● Task objective: Retype the listing below exactly, pictures removed.

● Data:

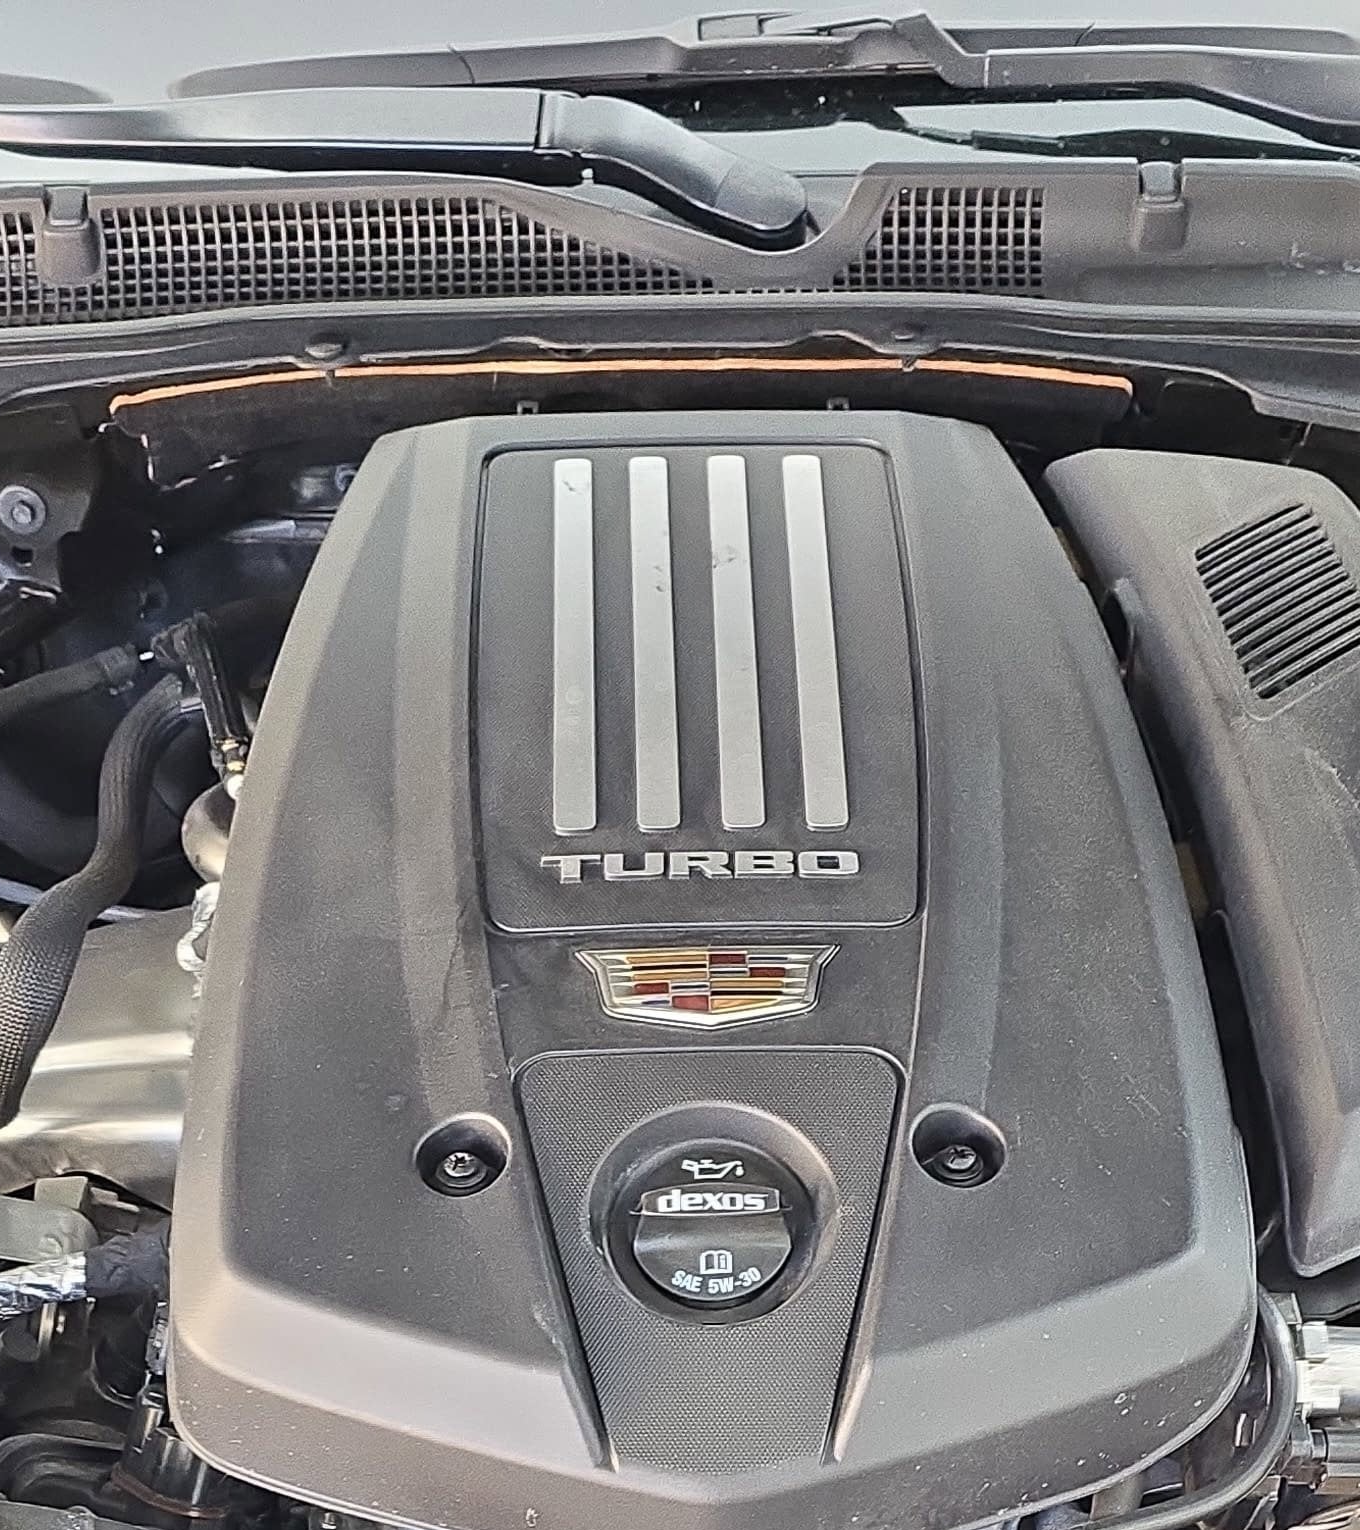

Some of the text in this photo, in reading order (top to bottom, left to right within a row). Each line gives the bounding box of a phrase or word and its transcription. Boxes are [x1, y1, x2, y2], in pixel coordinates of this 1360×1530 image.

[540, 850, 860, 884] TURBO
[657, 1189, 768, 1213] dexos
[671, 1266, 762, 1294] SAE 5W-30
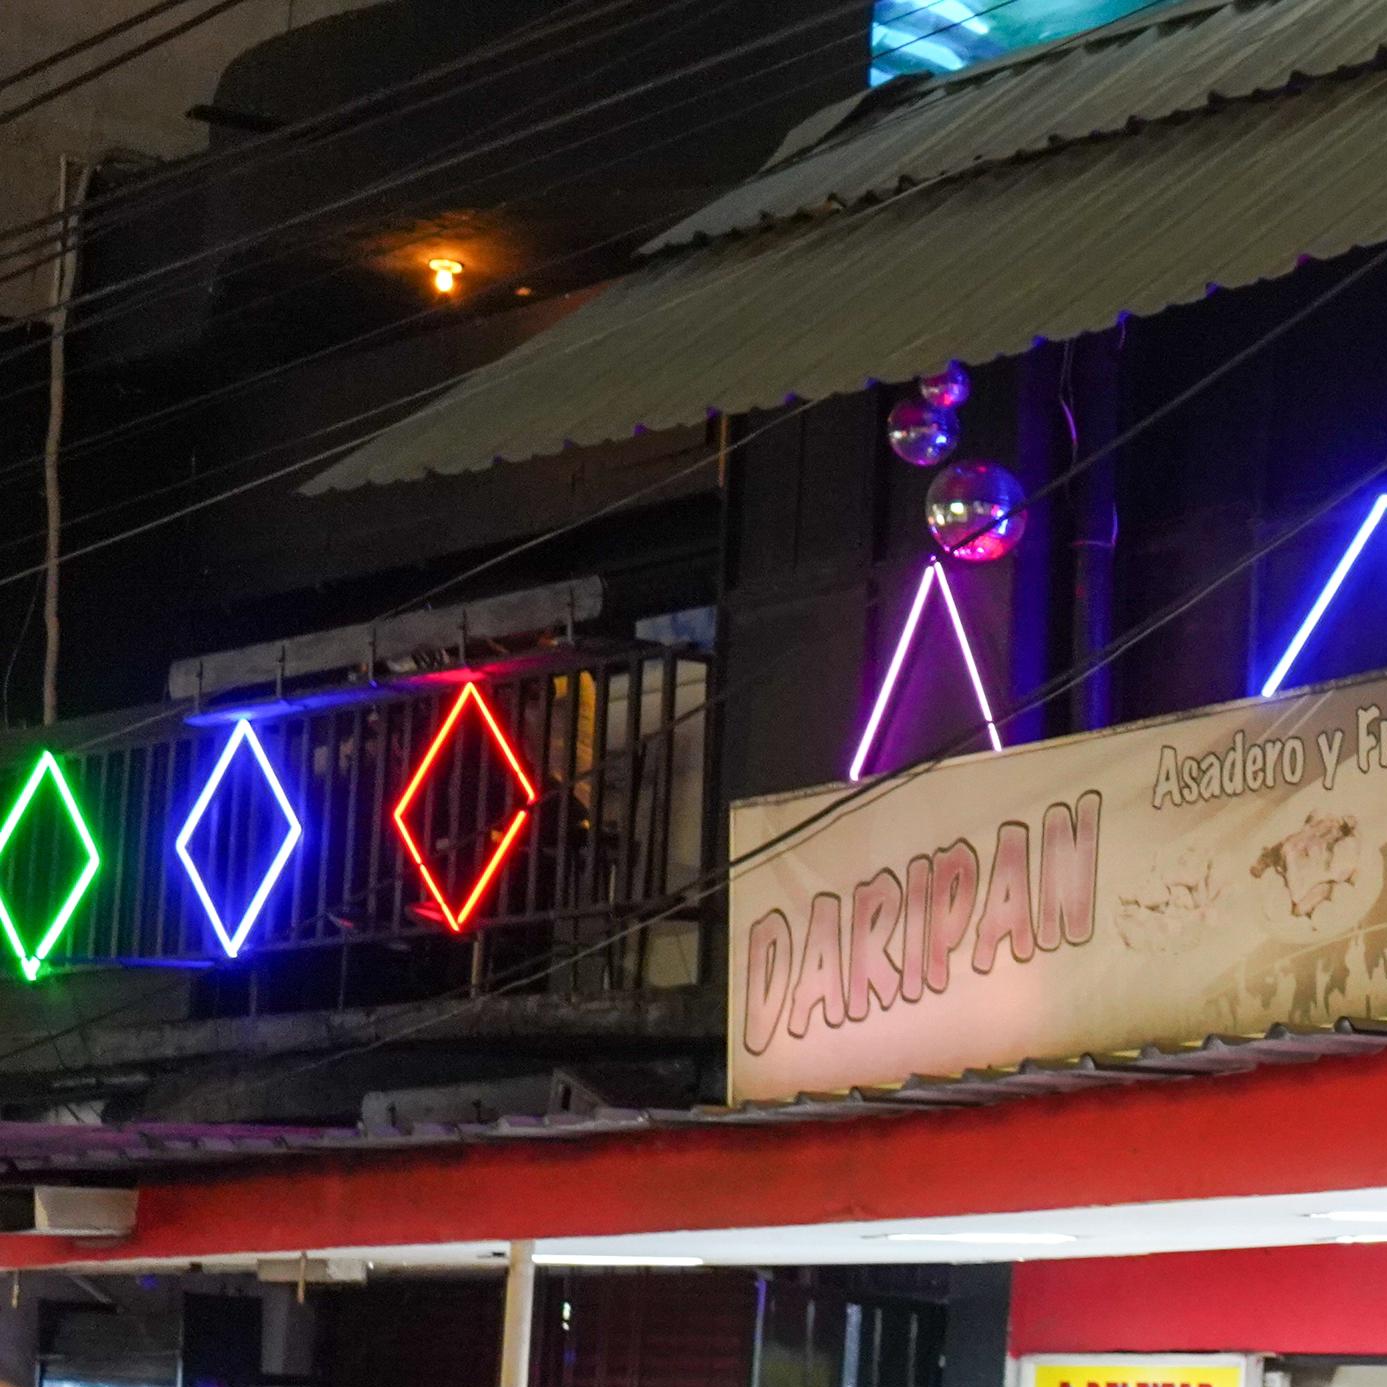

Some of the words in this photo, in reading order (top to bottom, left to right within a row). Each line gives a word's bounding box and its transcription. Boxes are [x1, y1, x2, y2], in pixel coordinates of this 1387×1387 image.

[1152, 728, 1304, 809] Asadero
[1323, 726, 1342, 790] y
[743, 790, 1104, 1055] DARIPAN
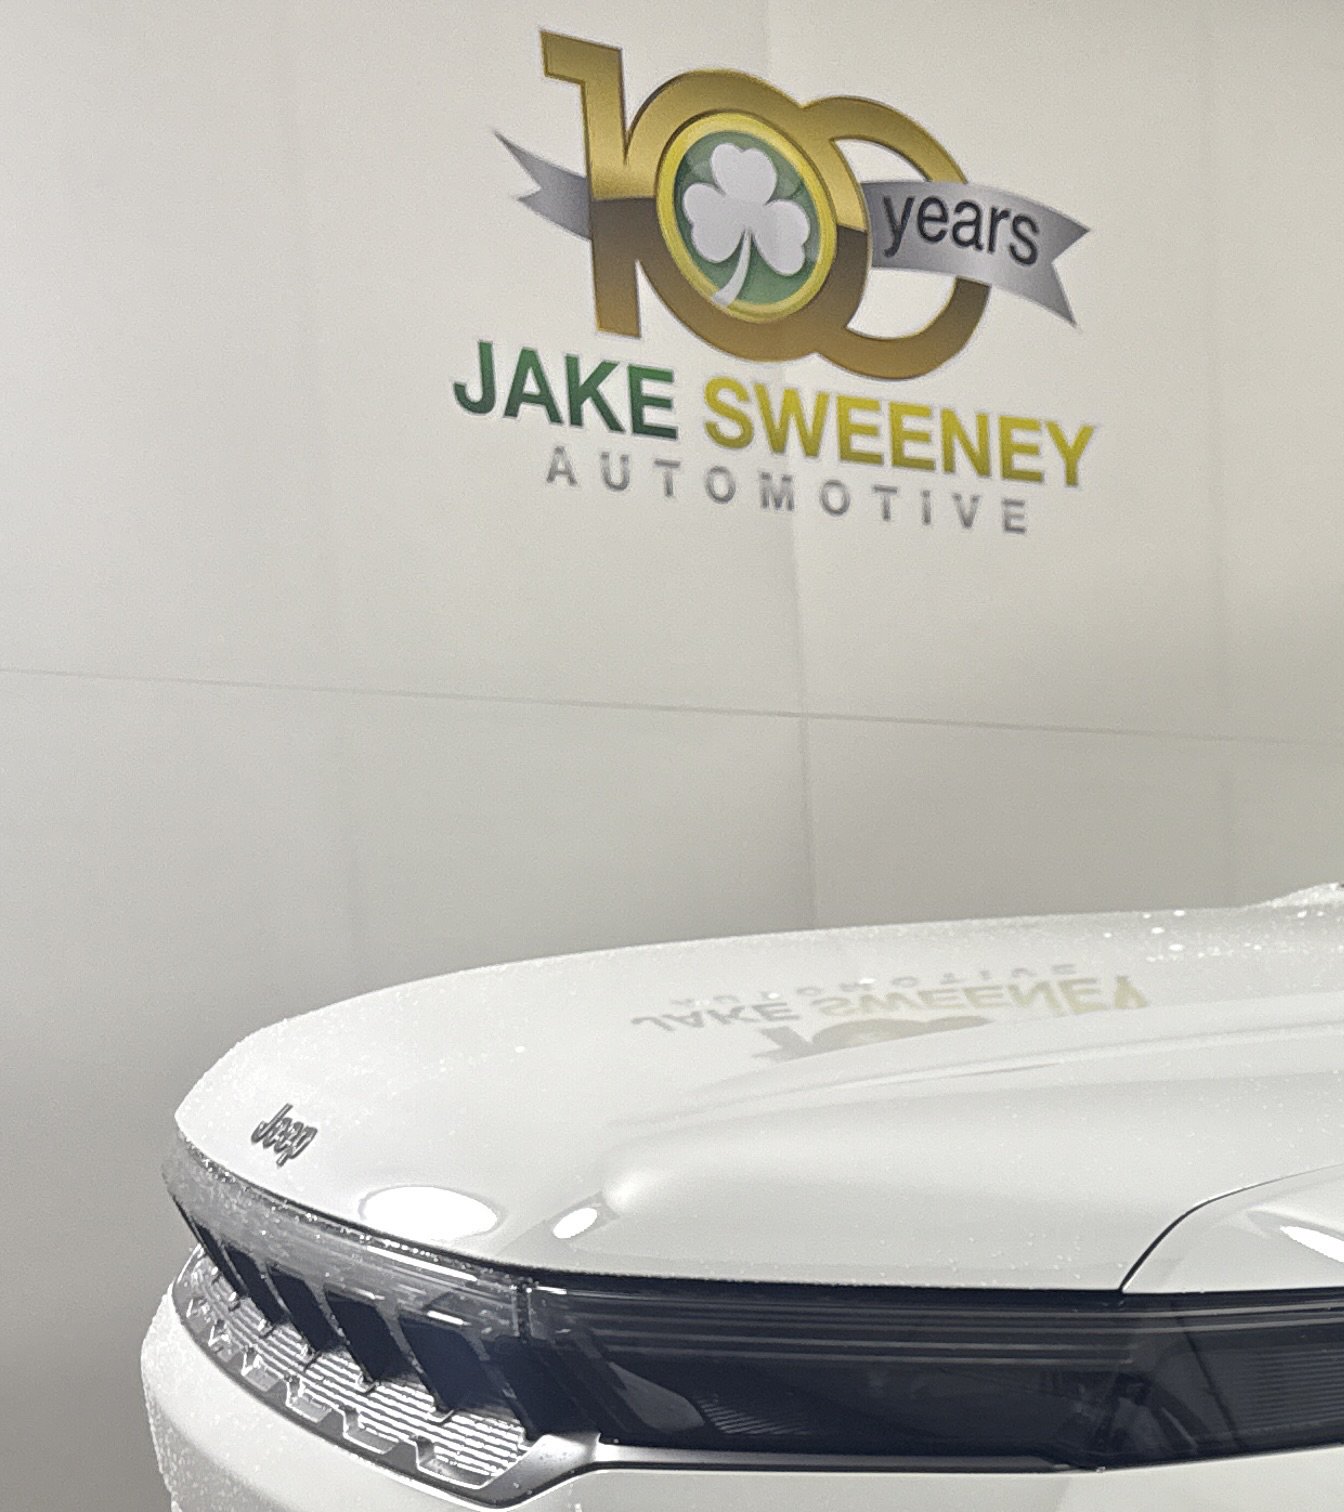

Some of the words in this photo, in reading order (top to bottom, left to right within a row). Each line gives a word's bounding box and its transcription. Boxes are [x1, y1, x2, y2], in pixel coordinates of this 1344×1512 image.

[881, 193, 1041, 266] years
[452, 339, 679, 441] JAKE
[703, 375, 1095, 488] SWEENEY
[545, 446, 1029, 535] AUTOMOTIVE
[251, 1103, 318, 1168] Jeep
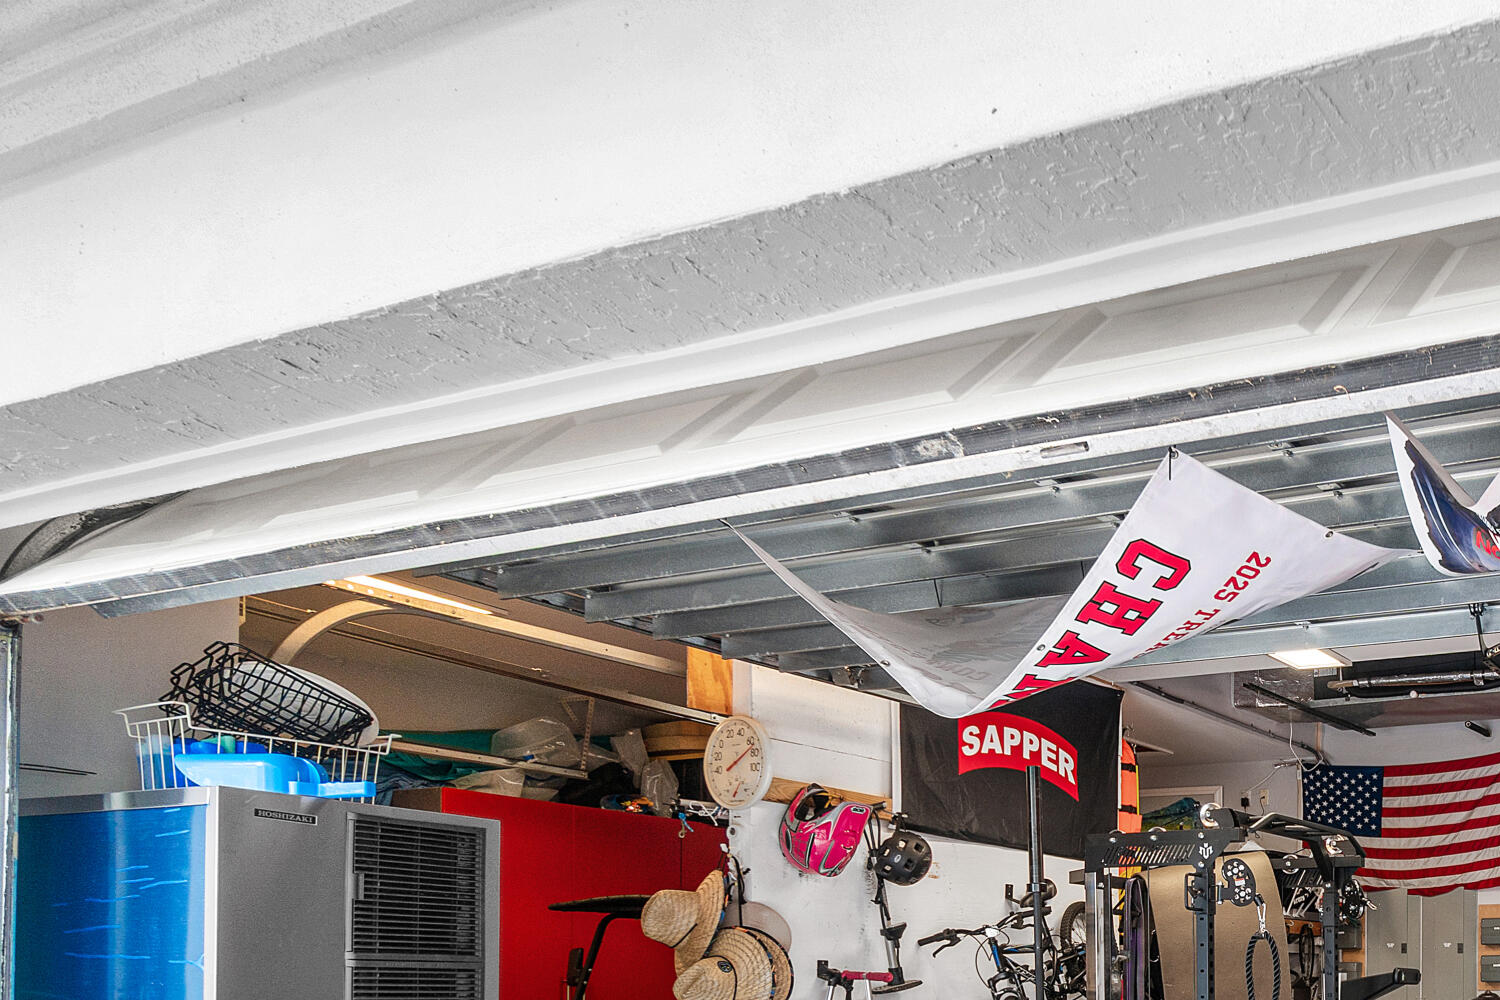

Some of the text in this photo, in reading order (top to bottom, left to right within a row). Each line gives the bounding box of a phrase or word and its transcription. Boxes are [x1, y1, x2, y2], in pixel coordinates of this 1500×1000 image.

● Final answer:
Some of the text in this photo, in reading order (top to bottom, left to right within a row). Each line gives the bounding box of a phrase or word and its transcription. Boxes are [x1, y1, x2, y2], in pixel coordinates of this 1360×1530 image.

[540, 850, 860, 884] TURBO
[657, 1189, 768, 1213] dexos
[671, 1266, 762, 1294] SAE 5W-30

Some of the words in this photo, in reading order (top to bottom, left to right within a row). Each line gives a word's bounding box and its transcription. Boxes are [x1, y1, x2, y2], in pixel coordinates of this 1387×1387 image.

[1152, 728, 1304, 809] Asadero
[1323, 726, 1342, 790] y
[743, 790, 1104, 1055] DARIPAN

Some of the words in this photo, in reading order (top to bottom, left to right within a row). Each line gives a word's bounding box and its transcription. Boxes are [x1, y1, x2, y2], in pixel coordinates of this 1344×1512 image.

[881, 193, 1041, 266] years
[452, 339, 679, 441] JAKE
[703, 375, 1095, 488] SWEENEY
[545, 446, 1029, 535] AUTOMOTIVE
[251, 1103, 318, 1168] Jeep

Some of the text in this photo, in reading order (top to bottom, left to right within a row). Each line gives the bounding box of a phrase or word and its transcription. Boxes are [x1, y1, x2, y2], in pixel coordinates of this 1500×1000 image.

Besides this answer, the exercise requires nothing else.